A surgical instrument is a medical device used during surgery to perform specific actions, such as cutting, modifying tissue, or providing access for viewing. Over time, a broad spectrum of tools has been developed—some for general surgical use, others tailored to specialized procedures.

Classification systems help surgeons understand an instrument's function and appropriate usage. Innovation continues to drive the development of more precise, safer, and more effective instruments for modern surgery.

== History ==
Surgical instruments have evolved alongside advances in medical science and surgical technique. Early tools were often adapted from everyday implements but were later refined for better precision and safety.

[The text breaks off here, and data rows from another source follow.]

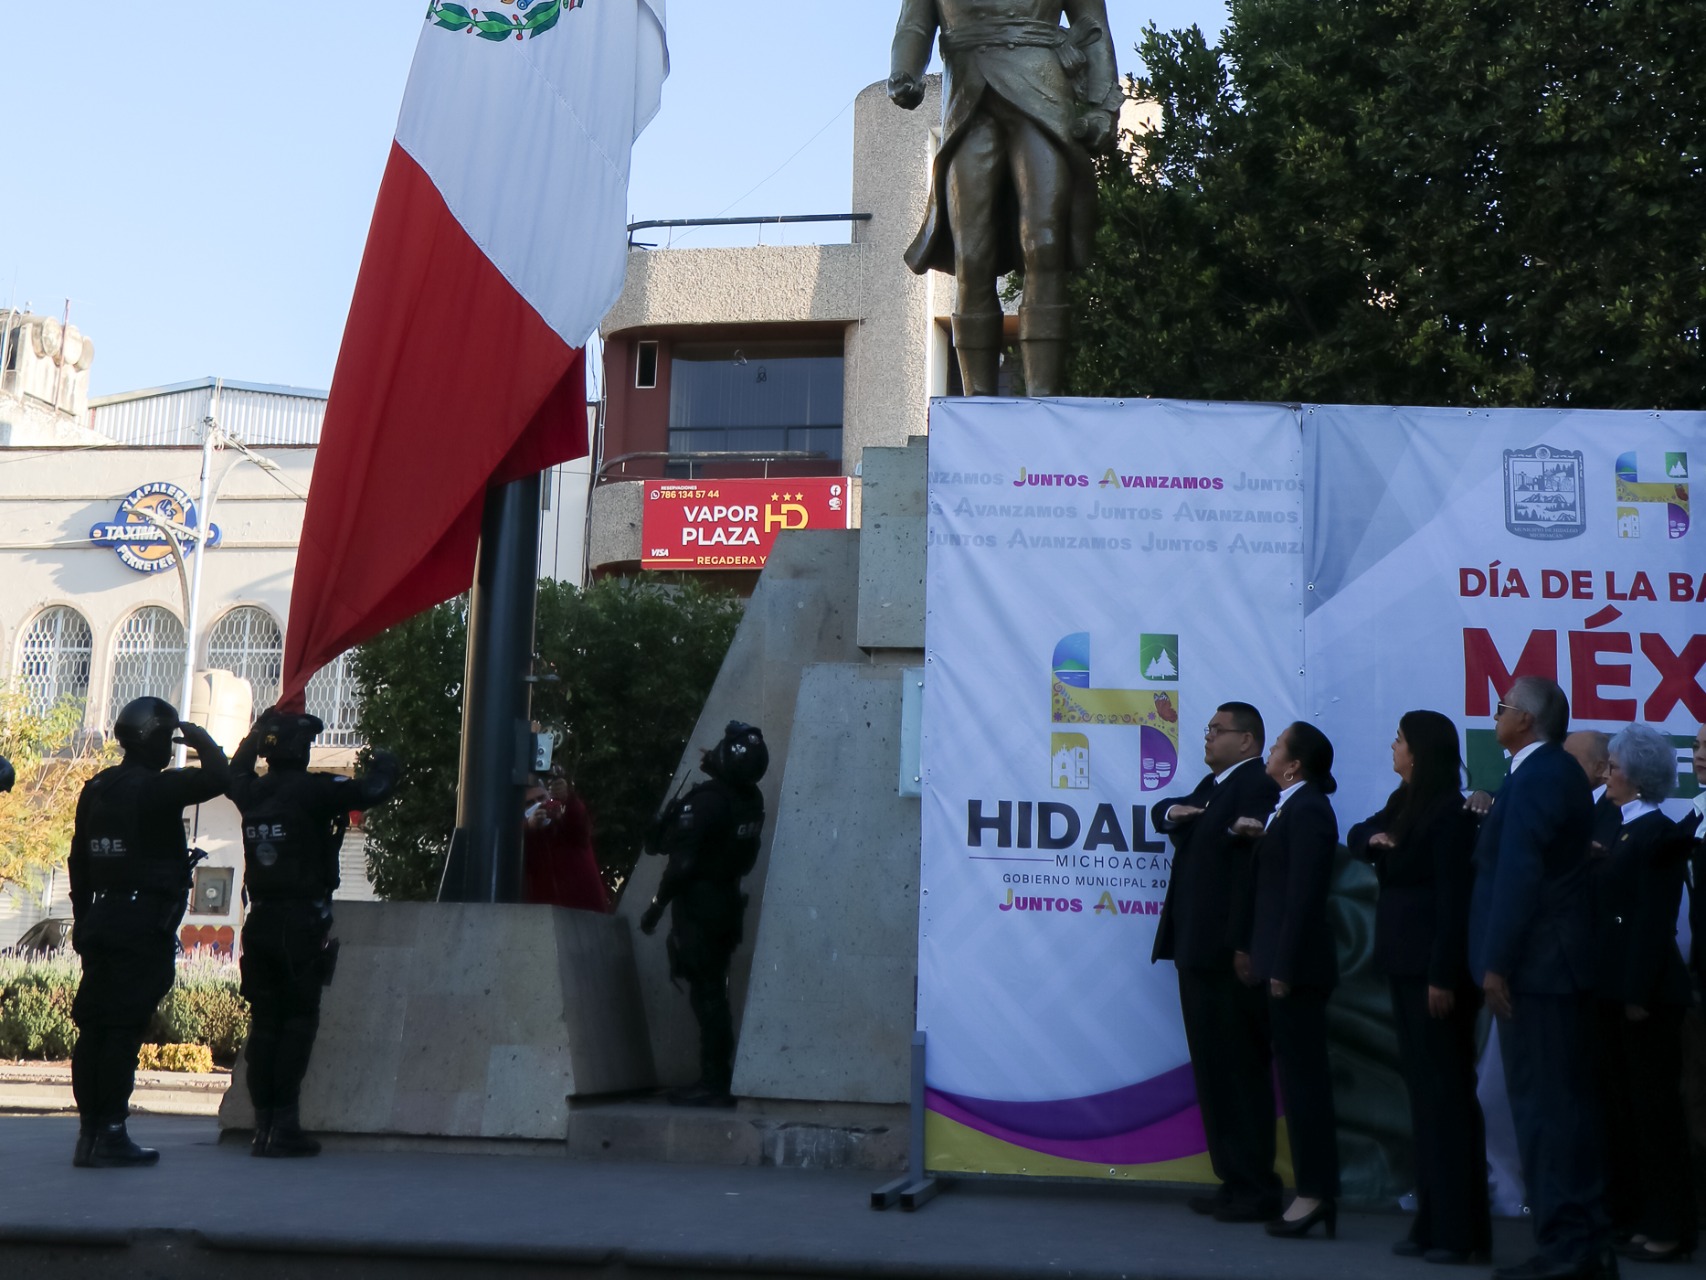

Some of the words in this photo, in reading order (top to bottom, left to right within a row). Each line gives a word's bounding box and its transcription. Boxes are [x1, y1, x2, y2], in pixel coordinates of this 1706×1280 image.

[1013, 466, 1089, 488] JUNTOS
[1098, 468, 1224, 490] AVANZAMOS
[661, 490, 676, 499] 786
[678, 490, 693, 499] 134
[695, 490, 706, 498] 57
[708, 490, 719, 498] 44
[683, 505, 759, 523] VAPOR
[764, 503, 809, 533] HD
[1086, 500, 1163, 521] JUNTOS
[682, 527, 760, 546] PLAZA
[1141, 532, 1218, 553] JUNTOS
[651, 549, 669, 557] VISA
[697, 556, 755, 565] REGADERA
[756, 556, 767, 565] Y
[1459, 560, 1529, 598] DÍA
[1541, 569, 1593, 600] DE
[1605, 571, 1657, 601] LA
[967, 799, 1166, 853] HIDAL
[1003, 873, 1070, 885] GOBIERNO
[1075, 876, 1147, 888] MUNICIPAL
[1151, 879, 1168, 889] 20
[998, 887, 1083, 913] JUNTOS
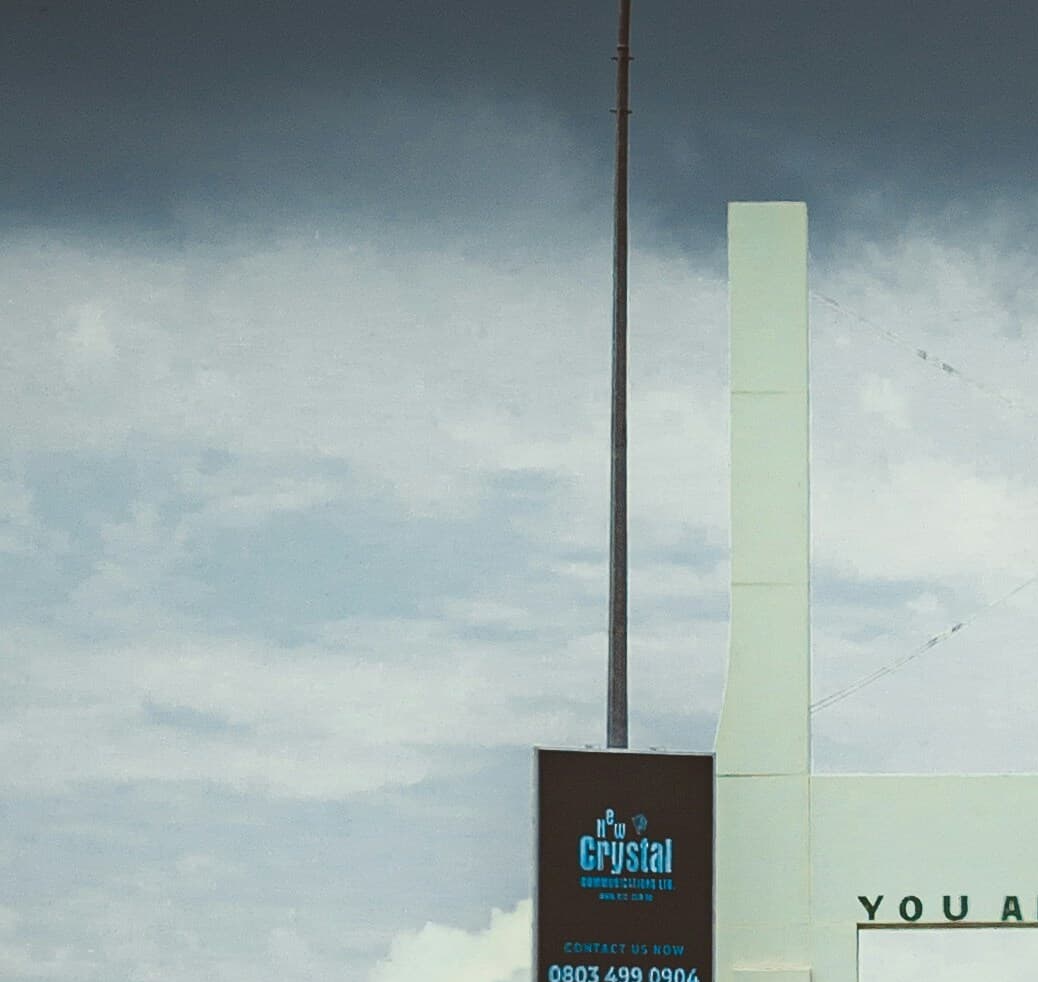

Two key milestones shaped modern surgical tools:

In the early 20th century, the advancement from antiseptic to aseptic surgery led to widespread adoption of sterilizers, sterile gauze, and cotton. Instrument handles transitioned from wood or ivory to metal, enabling effective sterilization. Simpler, one-piece designs improved safety and usability.

During World War II, hand surgery emerged as a subspecialty. Many of the tools developed for this purpose are still in use today, often named after their innovators.

Individual tools have diverse history development. Below is a brief history of the inventors and tools created for five commonly used surgical tools.

=== Scissors ===

- Mayo scissors, developed by one of the Mayo brothers in the late 19th century, feature semi-blunt ends and either straight or curved blades—the former for superficial tissues, the latter for thicker tissue.
- Metzenbaum scissors, designed by Myron Metzenbaum, are characterized by lighter construction and longer handles, suitable for delicate procedures like tonsillectomy (the surgical removal of the tonsils).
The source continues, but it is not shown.